Exercise brief
When you answer, give every record back exactly as written.
***** Exercise data
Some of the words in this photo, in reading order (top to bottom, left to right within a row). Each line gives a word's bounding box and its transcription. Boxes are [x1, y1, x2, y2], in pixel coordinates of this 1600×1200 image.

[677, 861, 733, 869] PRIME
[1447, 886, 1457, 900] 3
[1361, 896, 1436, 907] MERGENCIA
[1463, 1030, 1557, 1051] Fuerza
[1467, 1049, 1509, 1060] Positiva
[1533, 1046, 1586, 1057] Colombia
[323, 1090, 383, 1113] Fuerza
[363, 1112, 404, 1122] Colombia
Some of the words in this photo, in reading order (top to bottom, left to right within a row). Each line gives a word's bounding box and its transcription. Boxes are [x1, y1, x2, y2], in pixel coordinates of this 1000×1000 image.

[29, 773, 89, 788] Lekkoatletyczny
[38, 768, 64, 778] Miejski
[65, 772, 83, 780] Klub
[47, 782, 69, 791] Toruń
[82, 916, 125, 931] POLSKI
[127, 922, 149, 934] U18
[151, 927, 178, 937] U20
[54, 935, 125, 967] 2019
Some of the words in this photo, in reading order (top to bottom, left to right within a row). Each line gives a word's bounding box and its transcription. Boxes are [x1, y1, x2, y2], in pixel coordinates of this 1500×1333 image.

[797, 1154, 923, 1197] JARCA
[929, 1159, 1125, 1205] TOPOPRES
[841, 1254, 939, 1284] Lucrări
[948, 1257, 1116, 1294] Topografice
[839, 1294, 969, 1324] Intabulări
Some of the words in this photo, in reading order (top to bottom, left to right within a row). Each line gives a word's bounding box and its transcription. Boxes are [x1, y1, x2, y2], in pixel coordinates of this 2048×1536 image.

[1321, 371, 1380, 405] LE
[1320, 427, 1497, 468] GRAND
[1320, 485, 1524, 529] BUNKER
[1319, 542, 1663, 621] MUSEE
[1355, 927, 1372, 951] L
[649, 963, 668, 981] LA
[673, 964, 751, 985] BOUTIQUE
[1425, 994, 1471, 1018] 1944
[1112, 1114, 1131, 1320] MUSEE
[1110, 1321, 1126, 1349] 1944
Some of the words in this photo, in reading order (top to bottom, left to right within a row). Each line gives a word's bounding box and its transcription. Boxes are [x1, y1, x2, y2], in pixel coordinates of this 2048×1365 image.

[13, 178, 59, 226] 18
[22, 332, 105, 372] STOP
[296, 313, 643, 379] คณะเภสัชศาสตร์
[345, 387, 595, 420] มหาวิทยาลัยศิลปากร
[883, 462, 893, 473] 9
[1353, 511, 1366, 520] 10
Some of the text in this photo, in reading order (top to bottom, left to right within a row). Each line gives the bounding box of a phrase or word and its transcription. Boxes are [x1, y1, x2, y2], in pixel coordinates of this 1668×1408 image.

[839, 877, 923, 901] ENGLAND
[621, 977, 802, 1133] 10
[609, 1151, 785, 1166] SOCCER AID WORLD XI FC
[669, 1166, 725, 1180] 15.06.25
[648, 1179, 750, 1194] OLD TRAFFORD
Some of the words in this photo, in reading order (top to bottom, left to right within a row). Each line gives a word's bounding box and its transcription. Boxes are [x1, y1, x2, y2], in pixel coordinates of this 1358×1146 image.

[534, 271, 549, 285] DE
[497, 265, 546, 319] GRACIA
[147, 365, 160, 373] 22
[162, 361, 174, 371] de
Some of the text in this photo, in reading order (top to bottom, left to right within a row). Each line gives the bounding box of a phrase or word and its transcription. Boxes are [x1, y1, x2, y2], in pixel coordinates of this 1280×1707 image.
**********
Answer to this task
Some of the words in this photo, in reading order (top to bottom, left to right within a row). Each line gives a word's bounding box and its transcription. Boxes are [x1, y1, x2, y2], in pixel coordinates of this 1600×1200 image.

[677, 861, 733, 869] PRIME
[1447, 886, 1457, 900] 3
[1361, 896, 1436, 907] MERGENCIA
[1463, 1030, 1557, 1051] Fuerza
[1467, 1049, 1509, 1060] Positiva
[1533, 1046, 1586, 1057] Colombia
[323, 1090, 383, 1113] Fuerza
[363, 1112, 404, 1122] Colombia
Some of the words in this photo, in reading order (top to bottom, left to right within a row). Each line gives a word's bounding box and its transcription. Boxes are [x1, y1, x2, y2], in pixel coordinates of this 1000×1000 image.

[29, 773, 89, 788] Lekkoatletyczny
[38, 768, 64, 778] Miejski
[65, 772, 83, 780] Klub
[47, 782, 69, 791] Toruń
[82, 916, 125, 931] POLSKI
[127, 922, 149, 934] U18
[151, 927, 178, 937] U20
[54, 935, 125, 967] 2019
Some of the words in this photo, in reading order (top to bottom, left to right within a row). Each line gives a word's bounding box and its transcription. Boxes are [x1, y1, x2, y2], in pixel coordinates of this 1500×1333 image.

[797, 1154, 923, 1197] JARCA
[929, 1159, 1125, 1205] TOPOPRES
[841, 1254, 939, 1284] Lucrări
[948, 1257, 1116, 1294] Topografice
[839, 1294, 969, 1324] Intabulări
Some of the words in this photo, in reading order (top to bottom, left to right within a row). Each line gives a word's bounding box and its transcription. Boxes are [x1, y1, x2, y2], in pixel coordinates of this 2048×1536 image.

[1321, 371, 1380, 405] LE
[1320, 427, 1497, 468] GRAND
[1320, 485, 1524, 529] BUNKER
[1319, 542, 1663, 621] MUSEE
[1355, 927, 1372, 951] L
[649, 963, 668, 981] LA
[673, 964, 751, 985] BOUTIQUE
[1425, 994, 1471, 1018] 1944
[1112, 1114, 1131, 1320] MUSEE
[1110, 1321, 1126, 1349] 1944
Some of the words in this photo, in reading order (top to bottom, left to right within a row). Each line gives a word's bounding box and its transcription. Boxes are [x1, y1, x2, y2], in pixel coordinates of this 2048×1365 image.

[13, 178, 59, 226] 18
[22, 332, 105, 372] STOP
[296, 313, 643, 379] คณะเภสัชศาสตร์
[345, 387, 595, 420] มหาวิทยาลัยศิลปากร
[883, 462, 893, 473] 9
[1353, 511, 1366, 520] 10
Some of the text in this photo, in reading order (top to bottom, left to right within a row). Each line gives the bounding box of a phrase or word and its transcription. Boxes are [x1, y1, x2, y2], in pixel coordinates of this 1668×1408 image.

[839, 877, 923, 901] ENGLAND
[621, 977, 802, 1133] 10
[609, 1151, 785, 1166] SOCCER AID WORLD XI FC
[669, 1166, 725, 1180] 15.06.25
[648, 1179, 750, 1194] OLD TRAFFORD
Some of the words in this photo, in reading order (top to bottom, left to right within a row). Each line gives a word's bounding box and its transcription. Boxes are [x1, y1, x2, y2], in pixel coordinates of this 1358×1146 image.

[534, 271, 549, 285] DE
[497, 265, 546, 319] GRACIA
[147, 365, 160, 373] 22
[162, 361, 174, 371] de
Some of the text in this photo, in reading order (top to bottom, left to right within a row). Each line gives the bounding box of a phrase or word and its transcription. Boxes are [x1, y1, x2, y2], in pixel coordinates of this 1280×1707 image.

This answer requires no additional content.